◆ Your goal: Pick up at the line with "Some of the text". Write it out exactly, along with each later line through the end of the data, and nothing more.

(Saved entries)

--------------------

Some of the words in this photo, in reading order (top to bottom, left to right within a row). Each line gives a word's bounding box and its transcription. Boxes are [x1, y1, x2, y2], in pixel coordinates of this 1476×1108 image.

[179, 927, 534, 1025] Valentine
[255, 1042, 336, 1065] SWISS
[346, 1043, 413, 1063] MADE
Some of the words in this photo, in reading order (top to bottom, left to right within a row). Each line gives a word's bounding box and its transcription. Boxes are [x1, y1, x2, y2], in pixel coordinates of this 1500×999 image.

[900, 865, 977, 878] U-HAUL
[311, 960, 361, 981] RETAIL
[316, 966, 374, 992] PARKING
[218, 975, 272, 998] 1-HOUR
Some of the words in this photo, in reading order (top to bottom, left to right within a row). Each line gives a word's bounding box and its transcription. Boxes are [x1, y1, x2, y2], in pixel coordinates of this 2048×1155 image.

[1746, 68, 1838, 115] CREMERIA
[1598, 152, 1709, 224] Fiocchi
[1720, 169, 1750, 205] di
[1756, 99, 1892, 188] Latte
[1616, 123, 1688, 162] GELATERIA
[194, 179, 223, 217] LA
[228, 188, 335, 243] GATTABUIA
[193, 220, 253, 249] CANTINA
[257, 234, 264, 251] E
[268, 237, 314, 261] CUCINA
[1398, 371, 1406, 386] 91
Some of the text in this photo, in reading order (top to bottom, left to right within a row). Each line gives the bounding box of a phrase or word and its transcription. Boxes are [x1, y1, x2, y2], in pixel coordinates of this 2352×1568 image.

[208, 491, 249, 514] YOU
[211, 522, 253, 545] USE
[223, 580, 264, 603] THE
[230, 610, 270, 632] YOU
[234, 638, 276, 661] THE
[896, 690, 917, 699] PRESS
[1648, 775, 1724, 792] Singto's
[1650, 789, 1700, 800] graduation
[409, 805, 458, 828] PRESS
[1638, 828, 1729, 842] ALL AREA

--------------------

◆ Task output:
Some of the text in this photo, in reading order (top to bottom, left to right within a row). Each line gives the bounding box of a phrase or word and its transcription. Boxes are [x1, y1, x2, y2], in pixel coordinates of this 2352×1568 image.

[208, 491, 249, 514] YOU
[211, 522, 253, 545] USE
[223, 580, 264, 603] THE
[230, 610, 270, 632] YOU
[234, 638, 276, 661] THE
[896, 690, 917, 699] PRESS
[1648, 775, 1724, 792] Singto's
[1650, 789, 1700, 800] graduation
[409, 805, 458, 828] PRESS
[1638, 828, 1729, 842] ALL AREA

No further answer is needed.